Background
The FNet is a efficient transformer model that uses Fourier Transform to replace self-attention.
The paper compare it with bert, and showed it “trains nearly seven times faster on GPUs and twice as fast on TPUs”, it’s also more memory efficient and faster for inference.
The authors released their code and pre-trained weights recently: (It uses flax!)
However, it’s not yet capable of generation.
Here is the last paragraph of the FNet paper.
Throughout this work we have restricted our attention to encoders. FNet decoders can be designed
using causally masked discrete Fourier Transform matrices. However, in settings where the FFT is preferable, a lower level implementation would be required to introduce causal masking. Lastly, designing the equivalent of encoder-decoder cross-attention remains an avenue for future work, as
evidence suggests that it is crucial to decoder performance (You et al., 2020
[2105.03824] FNet: Mixing Tokens with Fourier Transforms
Proposal
Here is the main thing I want to try:
- Use a hybrid encoder-decoder where the encoder is FNet, and the decoder can be a normal transformer with attention. The motivation is to take advantage of the more efficient architecture and augment it with generation capability.
Details
- Language: monolingual, english
- Model: encoder-decoder, replaces encoder self-attention with Fourier Transform.
- Data: c4 or the pile
- Training scripts: available in the repo above.

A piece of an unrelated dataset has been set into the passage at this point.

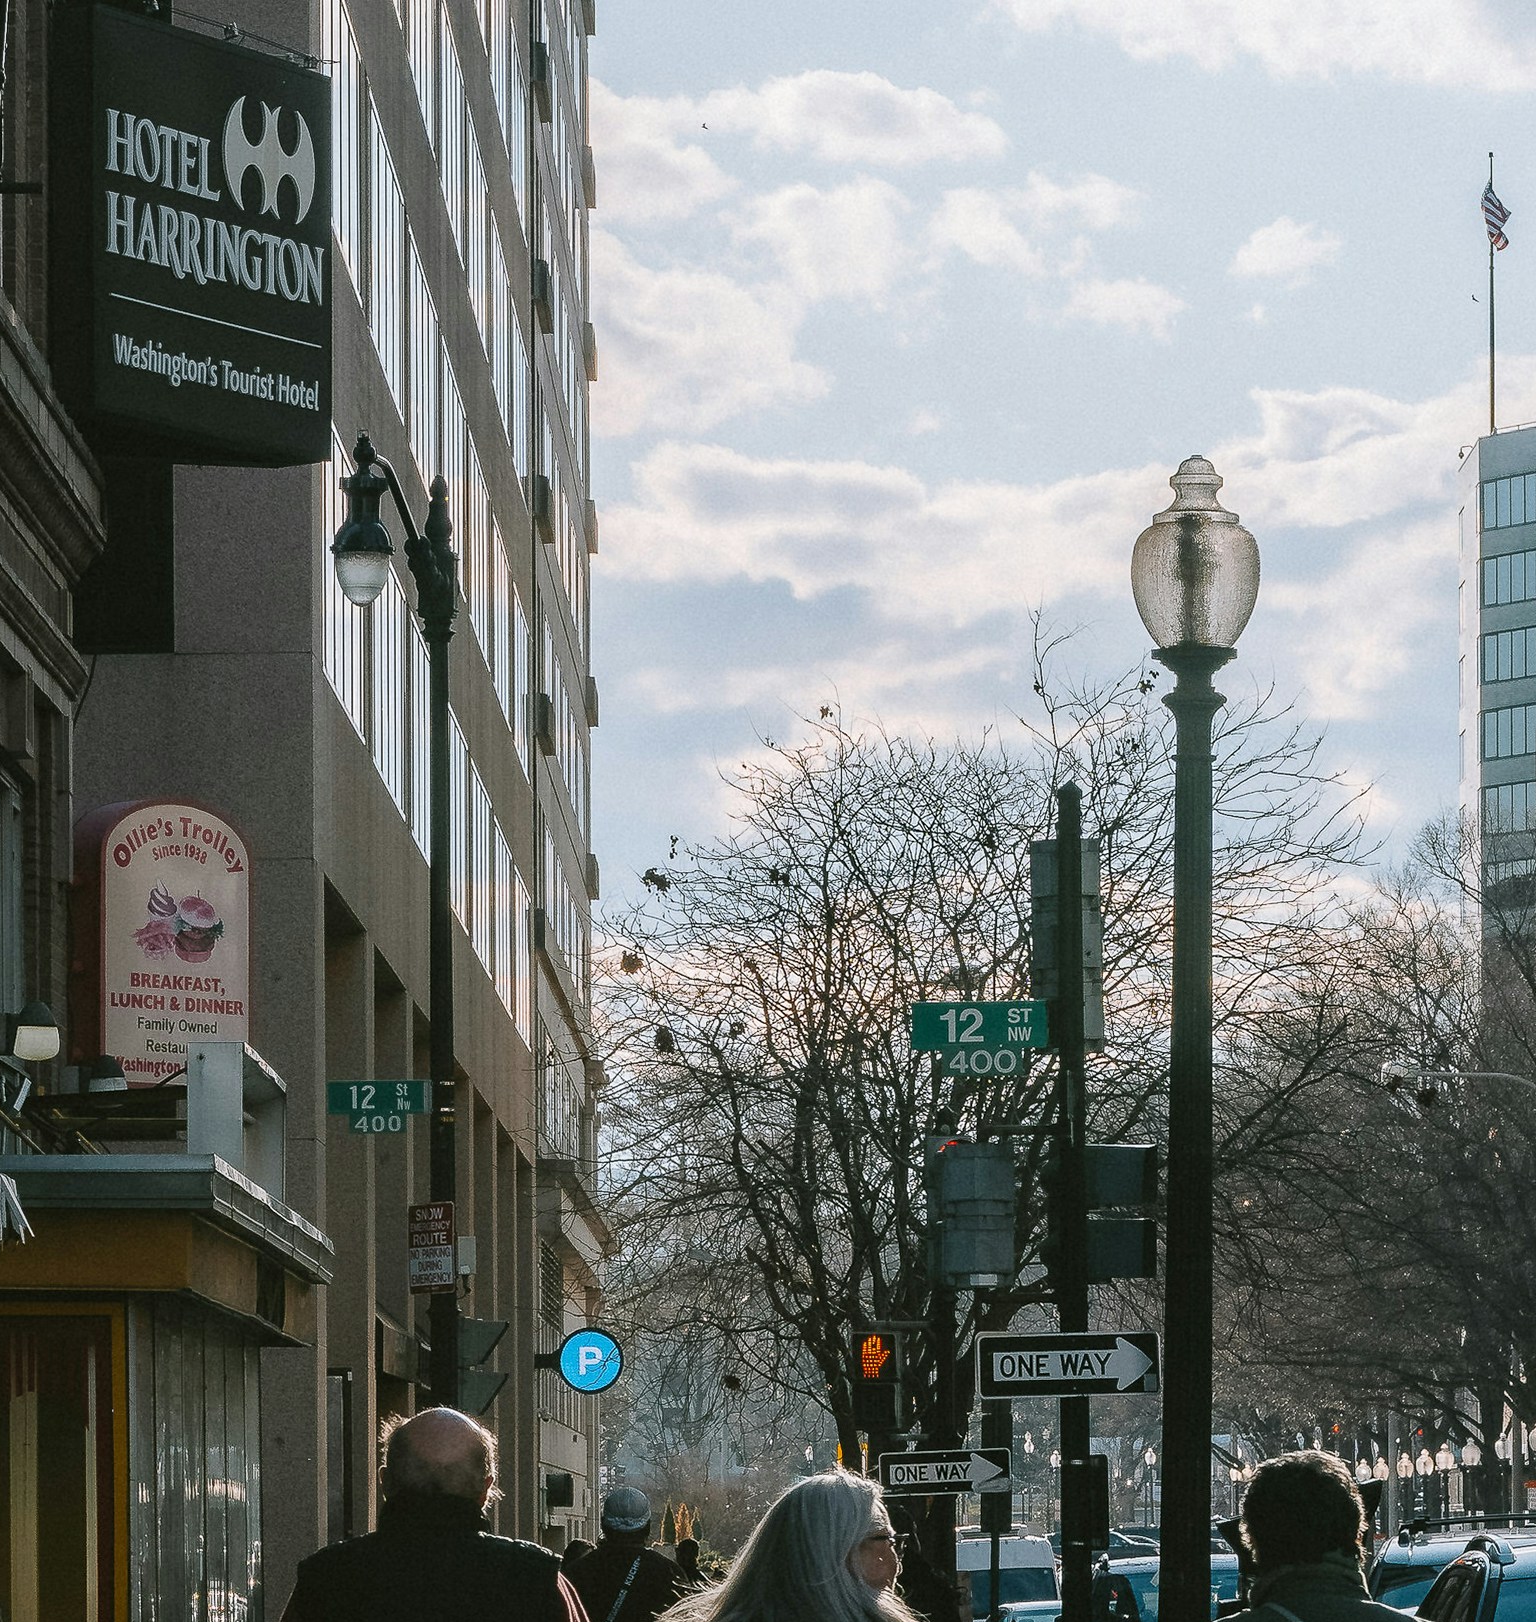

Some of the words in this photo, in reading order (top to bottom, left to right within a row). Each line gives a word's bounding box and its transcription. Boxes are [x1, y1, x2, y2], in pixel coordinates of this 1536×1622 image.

- What are possible challenges? The code is encoder only, we need to add the decoder part.
- Desired project outcome: We will train an efficient model for generation tasks.
Discussion
Some more details for discussion:
- The ideal loss could be prefix-LM or bart-like, so it can generate longer text better. We can compare the prefix-LM loss/inference cost with GPT2. (Similar to making GPT2 faster by encoding prefix with FNet.)
- We can first train the hybrid model and initialize the encoder with pre-trained weight and make sure our code is correct (we need to write some modeling code).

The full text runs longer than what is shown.